Another point of contention is whether the referendum question should include two or three options. The SNP government in Scotland is open to a three-question (status quo, independence, or “devo max“) referendum, while the Conservative-Liberal Democrat coalition government in the UK wants a two-question (in or out) referendum. The apparent worry from Westminster is that a three-option referendum could split the unionist vote and allow independence to win with a bare plurality (say, 40% for independence and 30% each for status quo and devo max). Here is a debate among British political prognosticators about what will happen.

The solution to the problem is simple: hold a three-question referendum by Condorcet voting. While I generally favor approval voting for single-winner political elections, this referendum is a perfect case where Condorcet voting should yield the best result. Allow each voter to rank all three choices, independence, no change in Scotland’s constitutional status, and full fiscal autonomy, and then count up which option defeats the other two by a majority. That option becomes law.

Here’s an example. Suppose 25% of the population ranks the options this way: Status quo (SQ)>Fiscal autonomy (F)>Independence (I); 5% ranks them SQ>I>F; 10% ranks them I>SQ>F; 25% ranks them I>F>SQ; 25% ranks them F>SQ>I; and 10% ranks them F>I>SQ.

We then compare each option to each of the others. Status Quo beats Independence 55-45%; Fiscal Autonomy beats Status Quo 60-40%; and Fiscal Autonomy beats Independence 60-40%. Even though Fiscal Autonomy gets only 35% of first-place votes (identical to Independence), it emerges as the clear majority consensus winner.

Condorcet or pairwise majority voting therefore avoids the splitting-the-vote problem and is more likely to select a consensus winner than is plurality rule. Of course, a Condorcet winner does not always emerge; sometimes there is a cycle. If that is the case, the referendum law could state that the status quo wins by default.

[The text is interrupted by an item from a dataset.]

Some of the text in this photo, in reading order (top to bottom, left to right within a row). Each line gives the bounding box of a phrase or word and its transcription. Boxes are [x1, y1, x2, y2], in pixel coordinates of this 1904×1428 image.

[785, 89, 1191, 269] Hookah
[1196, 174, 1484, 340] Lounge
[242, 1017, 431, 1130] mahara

A Condorcet election could be win-win for all sides involved. If devo max wins, as it probably would, the SNP can take credit for a massive constitutional change that satisfies long-held Scottish aspirations, while still campaigning for ultimate independence; the majority of Scottish voters will get the compromise alternative that appears to satisfy them best; English taxpayers would benefit from no longer having to subsidize Scotland; Scotland’s economy would probably benefit in the long term from having to reorient itself toward private enterprise; and Simon Jenkins makes an excellent case for why devo max would be a political winner for Cameron’s Conservatives.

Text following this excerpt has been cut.